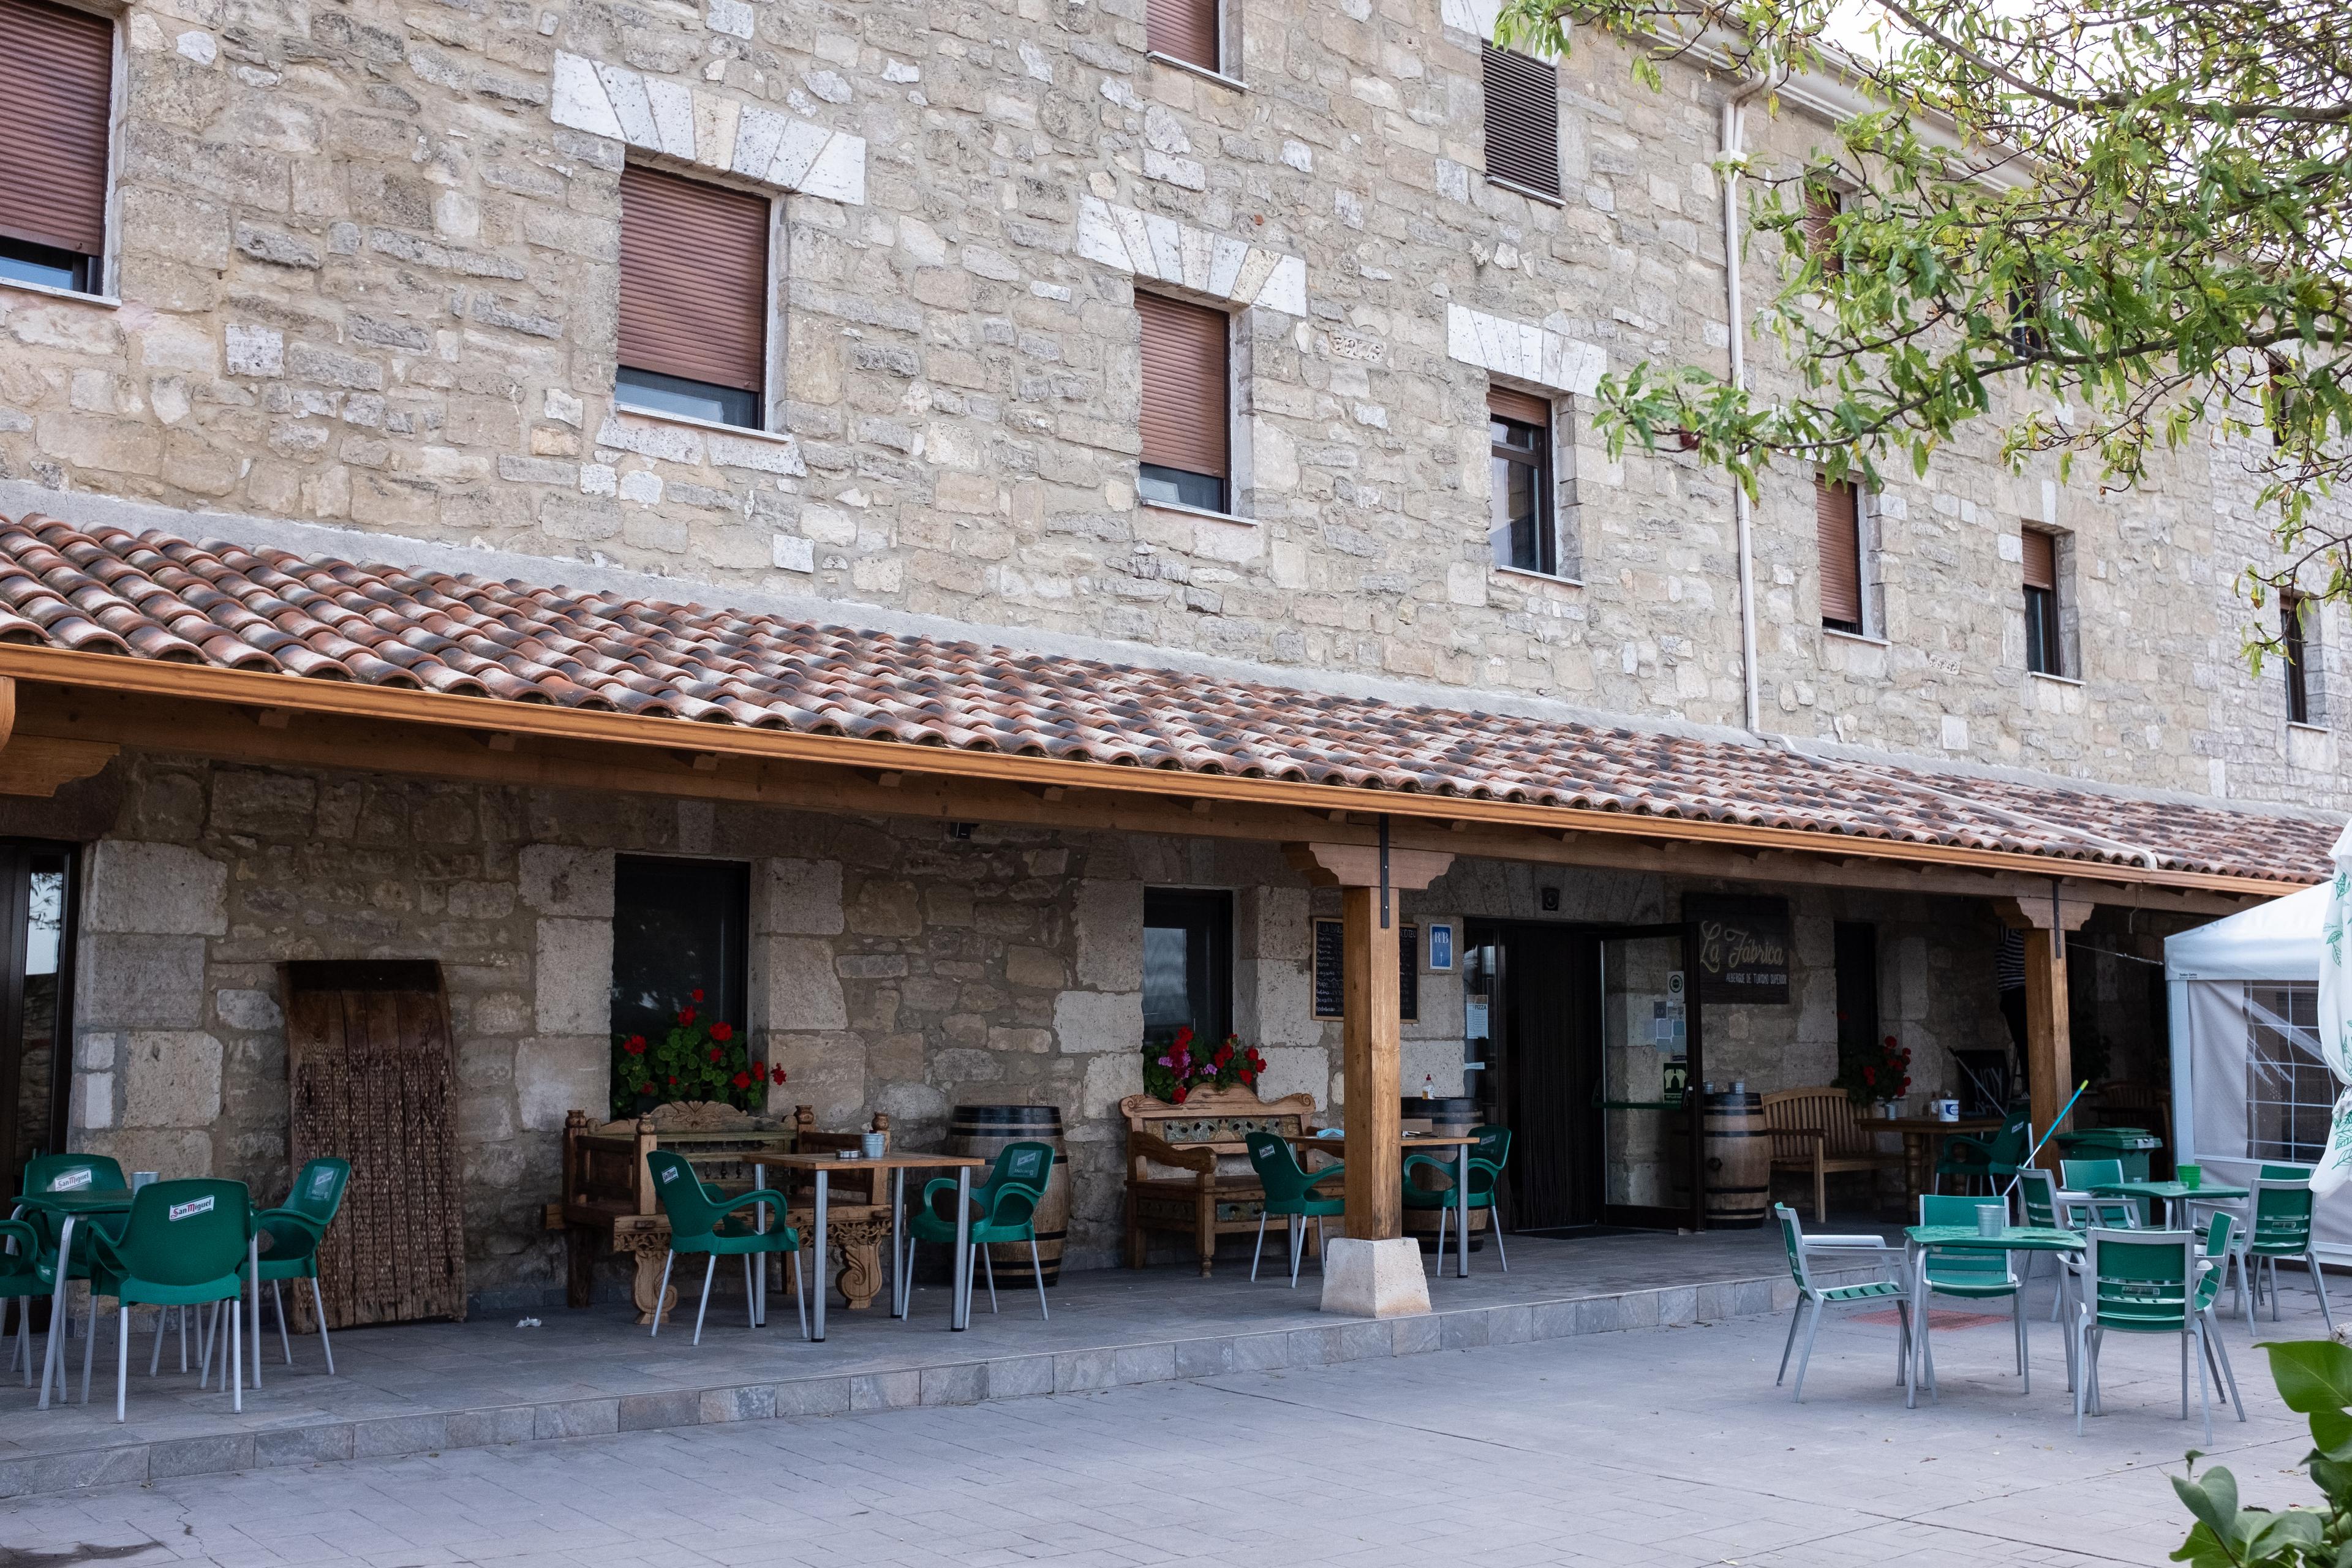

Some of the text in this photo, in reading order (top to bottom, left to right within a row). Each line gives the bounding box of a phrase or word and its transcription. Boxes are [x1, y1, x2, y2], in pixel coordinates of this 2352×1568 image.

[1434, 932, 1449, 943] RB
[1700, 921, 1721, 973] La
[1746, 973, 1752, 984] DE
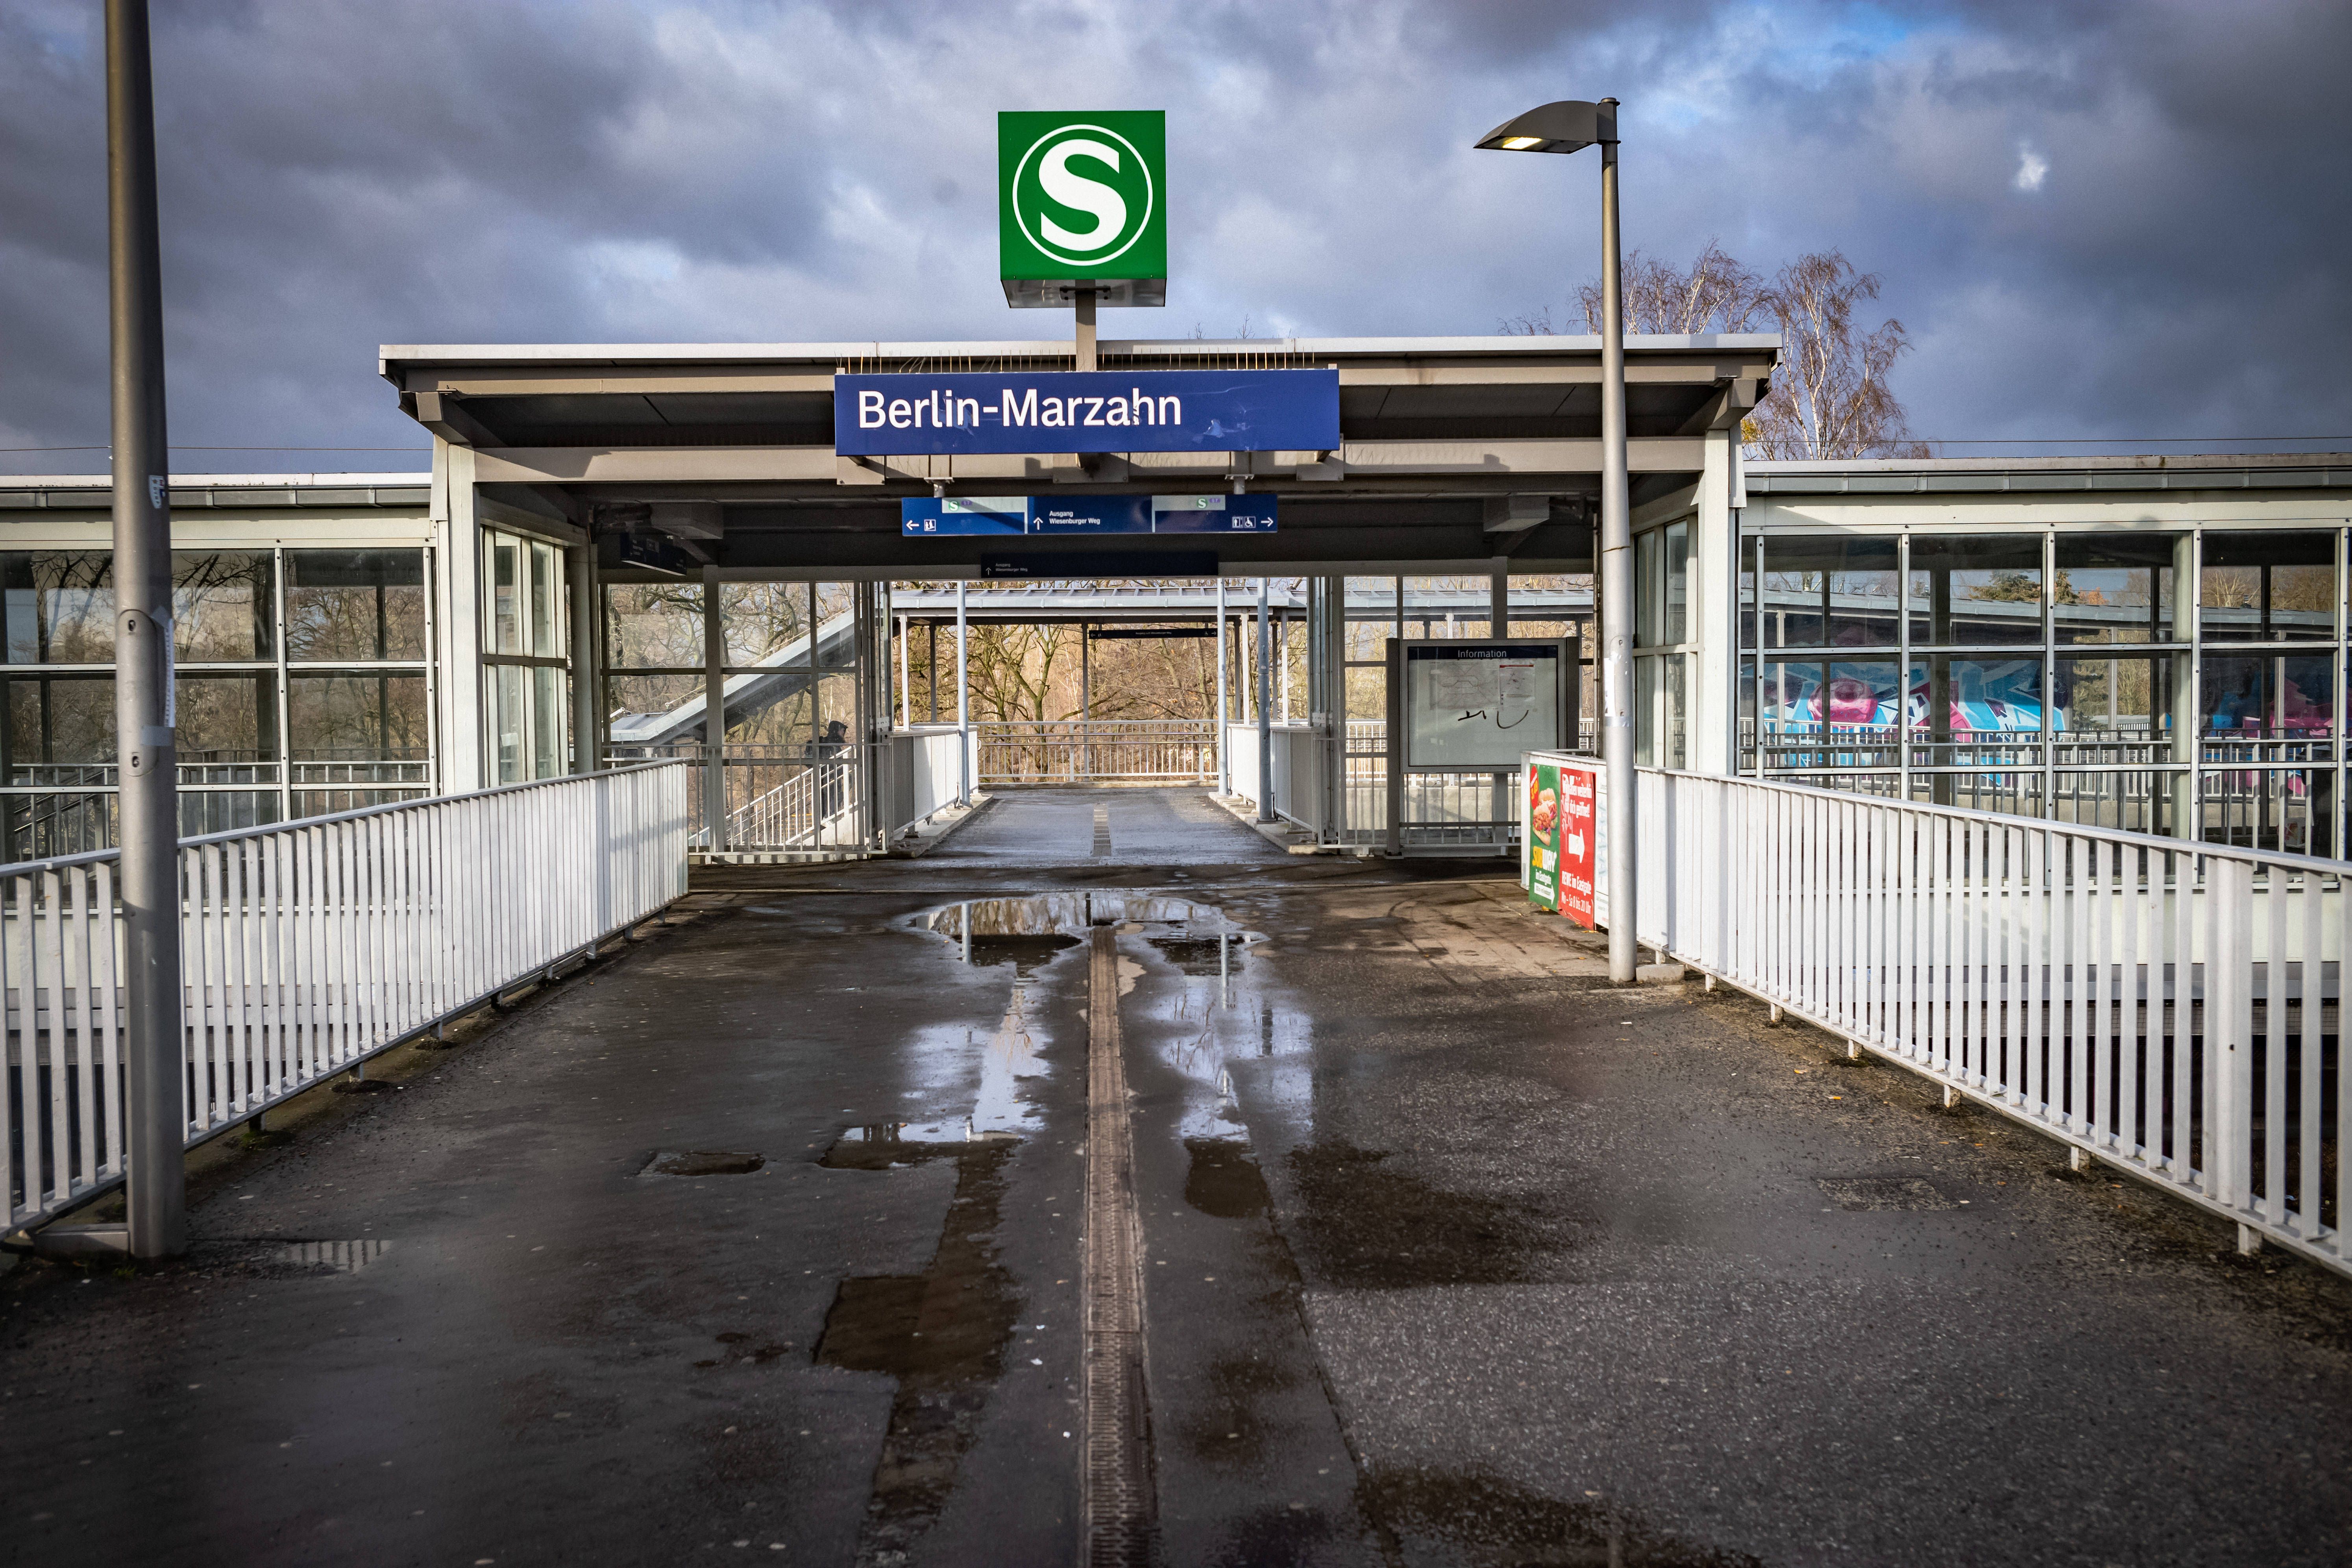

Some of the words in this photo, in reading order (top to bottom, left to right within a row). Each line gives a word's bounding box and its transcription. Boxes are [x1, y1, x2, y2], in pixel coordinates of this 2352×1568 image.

_Exercise instructions:_ Return every line shown above without changing a word, and skip the pictures.

_Output below:_
Some of the text in this photo, in reading order (top to bottom, left to right within a row). Each line gives the bounding box of a phrase or word and its transcription. Boxes are [x1, y1, x2, y2], in pixel coordinates of this 2352×1568 image.

[1434, 932, 1449, 943] RB
[1700, 921, 1721, 973] La
[1746, 973, 1752, 984] DE

Some of the words in this photo, in reading order (top to bottom, left to right within a row). Each line gives a word's bounding box and its transcription. Boxes are [x1, y1, x2, y2], in pixel coordinates of this 2352×1568 image.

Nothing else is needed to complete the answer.